→ WHAT IS EXPECTED: Return all of the data verbatim, dropping any picture.
-------- DATASET RECORDS --------
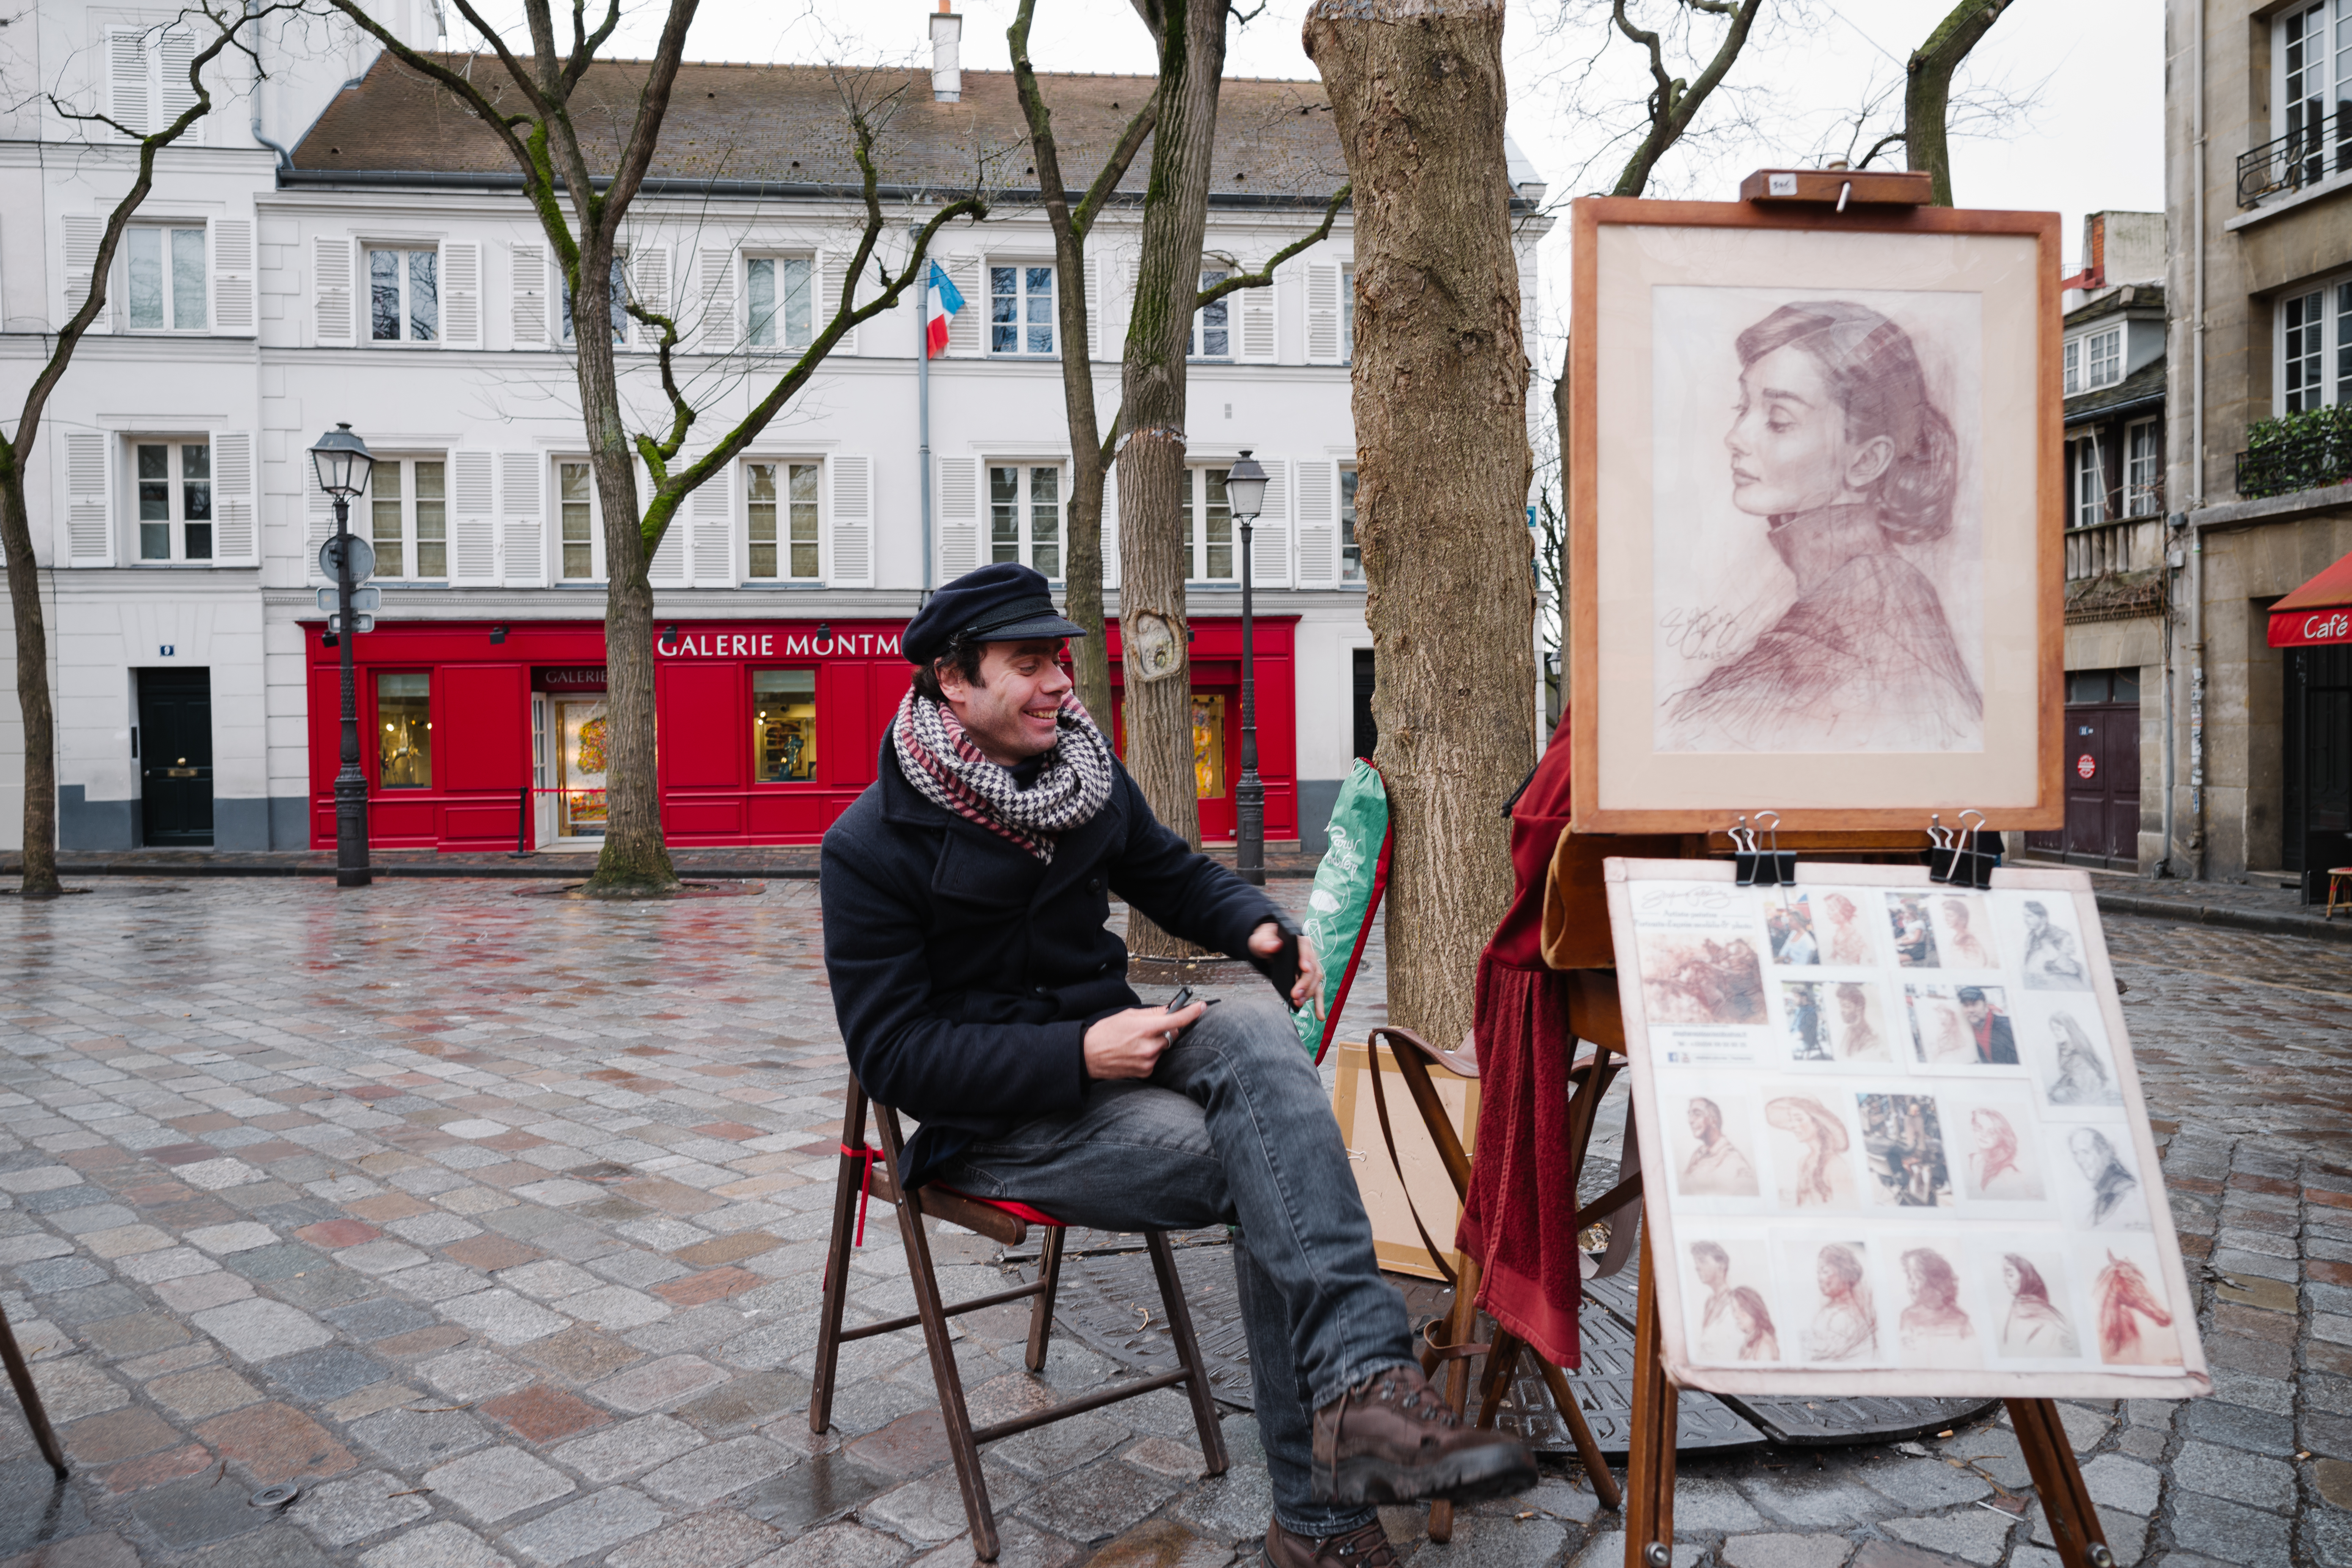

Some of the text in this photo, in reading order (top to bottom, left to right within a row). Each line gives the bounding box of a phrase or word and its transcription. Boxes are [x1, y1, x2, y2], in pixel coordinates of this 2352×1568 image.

[2304, 613, 2349, 639] Café
[164, 646, 170, 655] 9
[657, 635, 902, 657] GALERIE MONTM
[545, 670, 607, 683] GALERIE
--------
→ SOLVED EXERCISE:
Some of the text in this photo, in reading order (top to bottom, left to right within a row). Each line gives the bounding box of a phrase or word and its transcription. Boxes are [x1, y1, x2, y2], in pixel coordinates of this 2352×1568 image.

[2304, 613, 2349, 639] Café
[164, 646, 170, 655] 9
[657, 635, 902, 657] GALERIE MONTM
[545, 670, 607, 683] GALERIE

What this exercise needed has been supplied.